The most dangerous mistake you can make is believing that the work is done. That you’re healed. Self-actualized and safe from harm. Don’t you know yourself and your ghosts much better than that?
When I go into Dr. Carpenter’s office for the first time in nine months, the first things I notice are two thank you cards on her desk and a new pillow on the couch. It’s been so long since I last saw her that I have to fill out a new intake form—par for the course if it’s been six months or more since your last visit. The intake form forces me to rush through a litany of family history, personal trauma, and my current state of affairs. I’m more comfortable documenting the first two, but less so the latter. It feels like the world is always asking us for numbers and assessing us by them, and I’m not sure what to write when asked how to rate my happiness. The truth is I am on the couch in that moment for both what feels like one million reasons and no reason at all. But, something brought me back. So I guess it’s time to talk.
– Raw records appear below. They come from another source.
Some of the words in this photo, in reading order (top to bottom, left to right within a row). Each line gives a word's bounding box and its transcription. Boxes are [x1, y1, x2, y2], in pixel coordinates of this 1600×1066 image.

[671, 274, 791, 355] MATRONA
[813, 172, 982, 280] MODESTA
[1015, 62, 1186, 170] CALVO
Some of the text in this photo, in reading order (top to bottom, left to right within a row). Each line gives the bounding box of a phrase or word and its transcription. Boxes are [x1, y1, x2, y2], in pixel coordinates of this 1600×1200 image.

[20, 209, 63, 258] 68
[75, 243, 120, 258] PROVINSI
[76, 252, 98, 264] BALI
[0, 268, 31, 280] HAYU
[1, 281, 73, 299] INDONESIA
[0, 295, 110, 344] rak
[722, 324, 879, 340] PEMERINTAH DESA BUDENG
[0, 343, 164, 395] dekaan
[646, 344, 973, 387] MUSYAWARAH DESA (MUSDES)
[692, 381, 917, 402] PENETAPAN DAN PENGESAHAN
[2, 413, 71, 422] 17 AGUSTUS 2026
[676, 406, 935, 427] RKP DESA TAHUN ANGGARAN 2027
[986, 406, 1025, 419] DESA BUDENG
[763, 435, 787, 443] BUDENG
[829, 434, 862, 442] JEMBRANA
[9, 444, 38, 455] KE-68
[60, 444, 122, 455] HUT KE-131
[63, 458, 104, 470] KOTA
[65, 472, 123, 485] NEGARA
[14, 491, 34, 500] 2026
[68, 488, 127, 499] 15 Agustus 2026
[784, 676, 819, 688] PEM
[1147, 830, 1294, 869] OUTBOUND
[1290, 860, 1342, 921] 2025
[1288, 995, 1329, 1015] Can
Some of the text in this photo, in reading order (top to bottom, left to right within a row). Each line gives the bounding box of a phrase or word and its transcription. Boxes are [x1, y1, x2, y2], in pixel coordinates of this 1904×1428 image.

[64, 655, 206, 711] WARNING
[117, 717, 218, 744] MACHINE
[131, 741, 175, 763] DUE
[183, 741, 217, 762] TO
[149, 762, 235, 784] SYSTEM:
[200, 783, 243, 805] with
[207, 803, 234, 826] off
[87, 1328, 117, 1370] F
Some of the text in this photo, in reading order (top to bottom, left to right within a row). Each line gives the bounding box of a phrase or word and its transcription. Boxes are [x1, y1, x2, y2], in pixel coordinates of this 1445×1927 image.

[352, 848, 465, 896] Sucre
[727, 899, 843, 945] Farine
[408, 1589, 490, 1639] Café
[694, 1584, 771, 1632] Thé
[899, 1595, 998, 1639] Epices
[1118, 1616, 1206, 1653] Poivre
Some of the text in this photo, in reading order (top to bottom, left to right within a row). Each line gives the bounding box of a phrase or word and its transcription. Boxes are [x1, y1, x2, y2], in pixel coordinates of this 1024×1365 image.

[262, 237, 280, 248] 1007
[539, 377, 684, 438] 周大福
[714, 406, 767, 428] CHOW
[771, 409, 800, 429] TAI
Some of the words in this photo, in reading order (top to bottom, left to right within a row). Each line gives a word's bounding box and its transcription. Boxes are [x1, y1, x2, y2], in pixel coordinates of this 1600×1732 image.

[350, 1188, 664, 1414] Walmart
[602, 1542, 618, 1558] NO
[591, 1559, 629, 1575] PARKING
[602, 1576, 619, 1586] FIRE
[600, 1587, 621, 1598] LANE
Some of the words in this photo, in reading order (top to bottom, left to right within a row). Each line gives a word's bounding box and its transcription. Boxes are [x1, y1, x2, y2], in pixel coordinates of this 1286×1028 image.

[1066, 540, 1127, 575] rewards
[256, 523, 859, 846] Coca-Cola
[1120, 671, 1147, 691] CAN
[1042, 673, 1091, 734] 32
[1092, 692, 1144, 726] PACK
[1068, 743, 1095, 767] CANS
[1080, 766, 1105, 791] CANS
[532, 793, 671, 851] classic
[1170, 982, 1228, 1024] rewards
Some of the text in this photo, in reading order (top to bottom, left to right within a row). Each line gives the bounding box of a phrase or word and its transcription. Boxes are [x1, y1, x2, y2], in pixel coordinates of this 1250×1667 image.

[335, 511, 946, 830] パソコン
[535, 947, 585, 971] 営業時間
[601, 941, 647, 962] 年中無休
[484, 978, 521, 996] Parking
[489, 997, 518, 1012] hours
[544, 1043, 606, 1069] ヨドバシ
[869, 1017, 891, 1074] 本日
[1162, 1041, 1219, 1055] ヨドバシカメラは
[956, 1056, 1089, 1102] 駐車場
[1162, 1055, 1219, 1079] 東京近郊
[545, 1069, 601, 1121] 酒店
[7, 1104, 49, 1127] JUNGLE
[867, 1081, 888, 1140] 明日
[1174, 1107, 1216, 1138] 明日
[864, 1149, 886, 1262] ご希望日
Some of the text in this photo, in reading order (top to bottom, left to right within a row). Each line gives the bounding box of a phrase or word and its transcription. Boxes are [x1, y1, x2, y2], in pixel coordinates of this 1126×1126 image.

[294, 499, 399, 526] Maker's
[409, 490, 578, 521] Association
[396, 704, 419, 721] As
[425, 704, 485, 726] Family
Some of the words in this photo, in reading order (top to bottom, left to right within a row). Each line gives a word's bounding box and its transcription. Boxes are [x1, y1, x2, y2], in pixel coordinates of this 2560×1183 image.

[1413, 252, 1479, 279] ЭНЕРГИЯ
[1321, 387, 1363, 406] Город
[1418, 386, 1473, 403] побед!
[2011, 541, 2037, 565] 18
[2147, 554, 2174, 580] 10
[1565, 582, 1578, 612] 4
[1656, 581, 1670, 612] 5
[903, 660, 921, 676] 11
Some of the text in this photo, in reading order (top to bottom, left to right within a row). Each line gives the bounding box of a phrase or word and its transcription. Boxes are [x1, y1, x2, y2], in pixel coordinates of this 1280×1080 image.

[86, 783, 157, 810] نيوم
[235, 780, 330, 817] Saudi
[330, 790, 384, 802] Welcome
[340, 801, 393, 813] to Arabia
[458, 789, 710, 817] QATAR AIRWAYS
The high from last year came crashing down like tidal waves, and I did not properly prepare myself for the fall. Most days I am not sad, but instead feel in a state of flux. Transition. I feel far away from the person I used to be, yet still miles behind the person I want to become. And the blueprint for the suspension bridge from here to there is made up of cables that I can’t seem to find.
But, on some level, I know that I need a new set of tools. I realize that whatever it is that got me this far is not what will get me to the next place. Some things, some beliefs and some people only serve you for a season. That realization is equal parts beautiful and daunting, especially when you don’t yet have whatever it is you need to traverse the next overpass.
These days, love demands much more of me. My career requires a level of self-assurance and ingenuity that l never needed before. And my creativity is much more complex, far away from the days where just churning out any string of sentences would soothe my tender heart. I need empathy and awakening and deeper introspection. I need a life where my guard drops down and my hands lift up. I need the things that bring me back to myself after the wind whips too hard or my mind starts playing double dutch with doubt.
Maybe it’s the knowledge, even on the most marginal level, that brought me back to therapy, sinking into a couch next to the new pillow. Maybe by now I have learned how to recognize the need for healing, even before I’ve slipped on black ice.
Yes, my dear, the most dangerous mistake you can make is believing that the work is done. Don’t you know yourself and your ghosts much better than that?